● **Records shown**

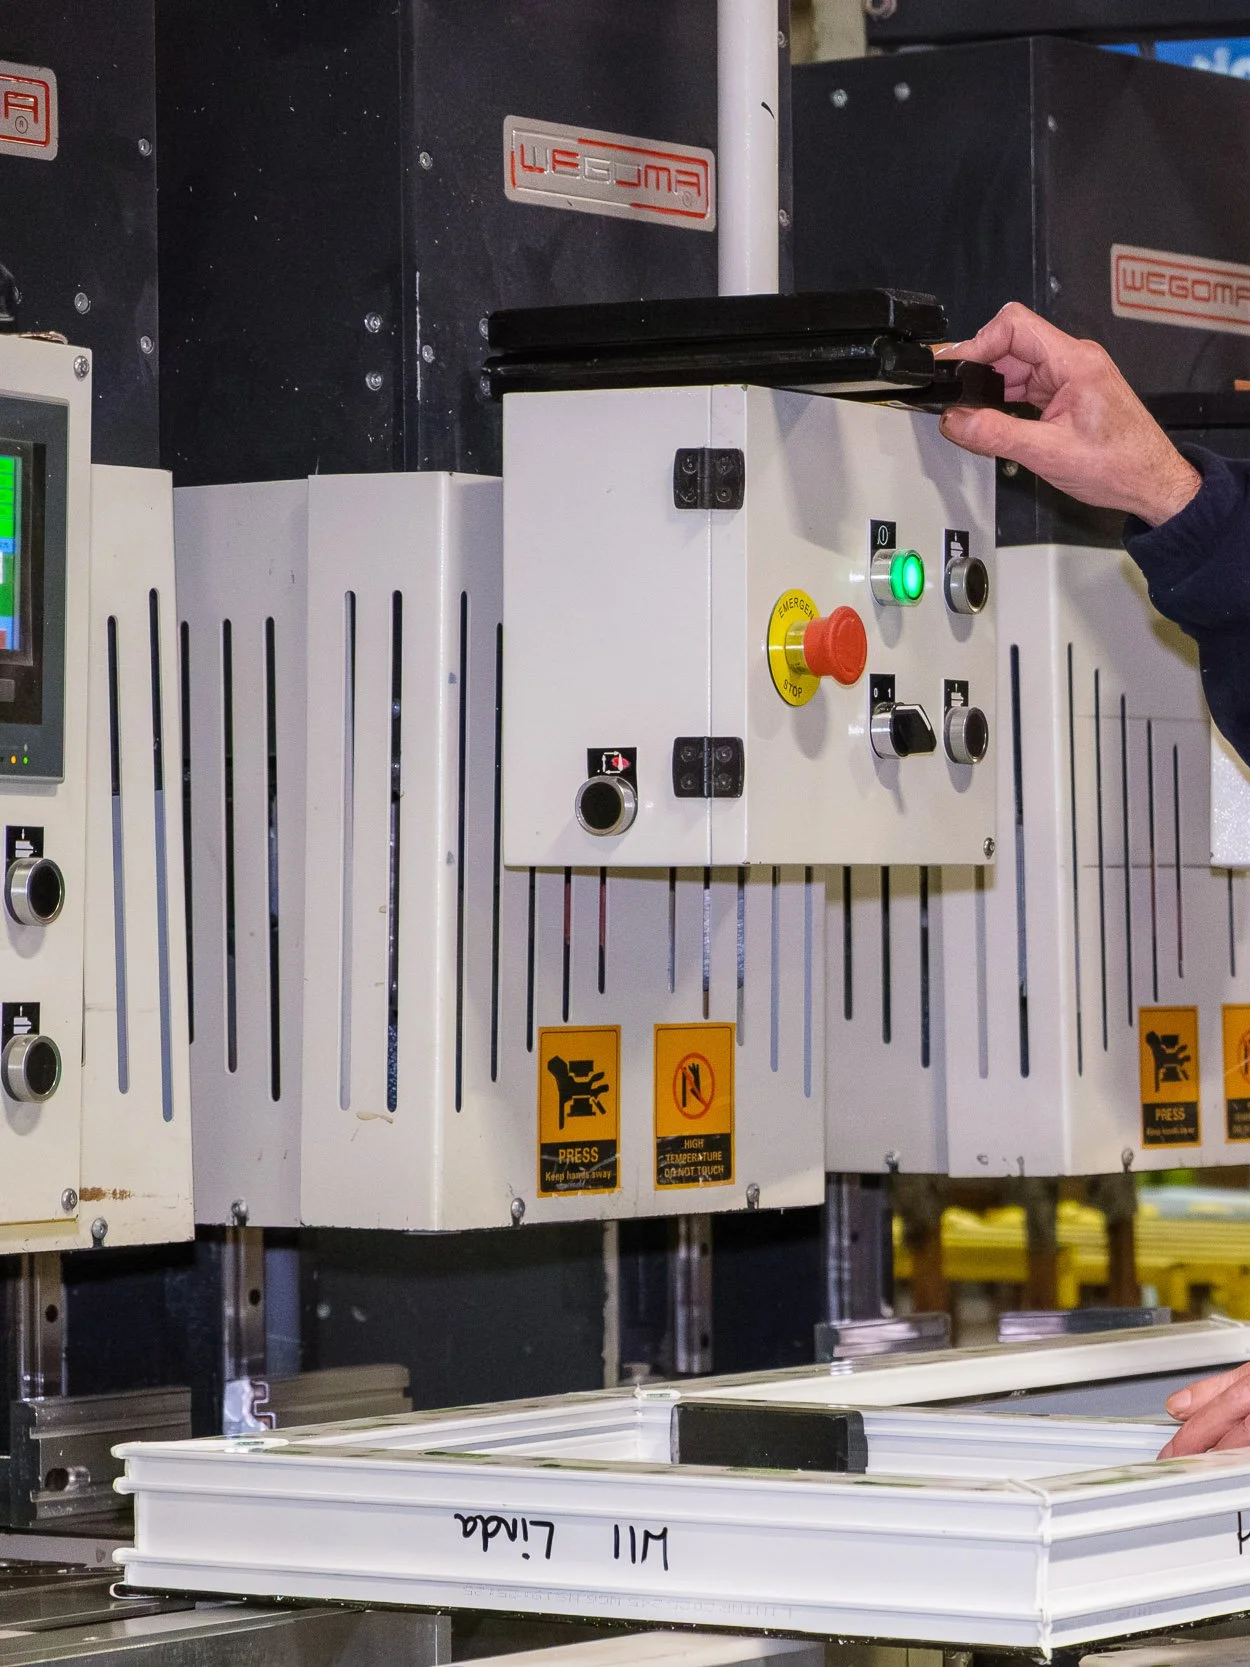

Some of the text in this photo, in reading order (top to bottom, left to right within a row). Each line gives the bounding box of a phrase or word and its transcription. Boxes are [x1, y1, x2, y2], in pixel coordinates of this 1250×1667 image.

[519, 143, 701, 197] WEGOMA
[778, 597, 815, 621] EMERGEN
[783, 679, 803, 699] STOP
[1155, 1107, 1186, 1121] PRESS
[684, 1138, 705, 1150] HIGH
[558, 1146, 599, 1164] PRESS
[664, 1151, 723, 1164] TEMPERATURE
[545, 1171, 565, 1183] Keep
[677, 1166, 695, 1177] NOT
[696, 1164, 725, 1175] TOUCH
[453, 1512, 555, 1560] Linda
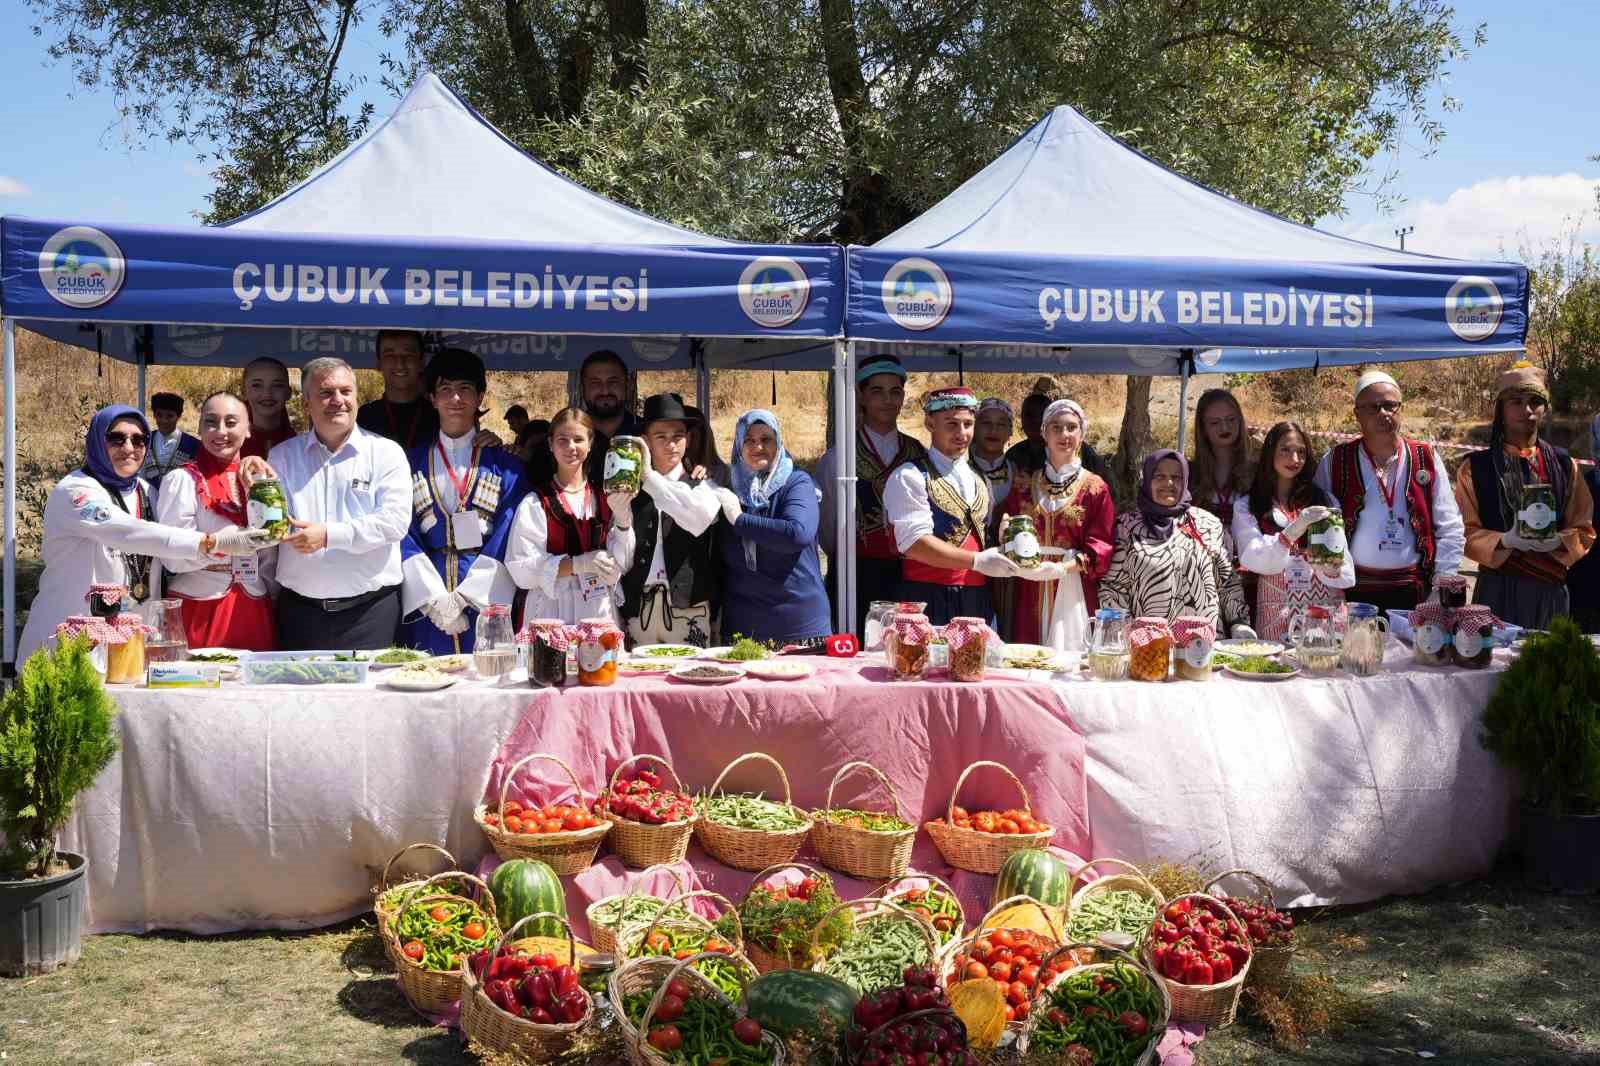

● **Work item**
An exact copy of the material is required, minus the pictures.

● **Task response**
Some of the text in this photo, in reading order (top to bottom, left to right within a row). Each line gives the bounding box of a phrase or word and its transcription. Boxes are [x1, y1, x2, y2], in pixel coordinates of this 1250×1667 image.

[519, 143, 701, 197] WEGOMA
[778, 597, 815, 621] EMERGEN
[783, 679, 803, 699] STOP
[1155, 1107, 1186, 1121] PRESS
[684, 1138, 705, 1150] HIGH
[558, 1146, 599, 1164] PRESS
[664, 1151, 723, 1164] TEMPERATURE
[545, 1171, 565, 1183] Keep
[677, 1166, 695, 1177] NOT
[696, 1164, 725, 1175] TOUCH
[453, 1512, 555, 1560] Linda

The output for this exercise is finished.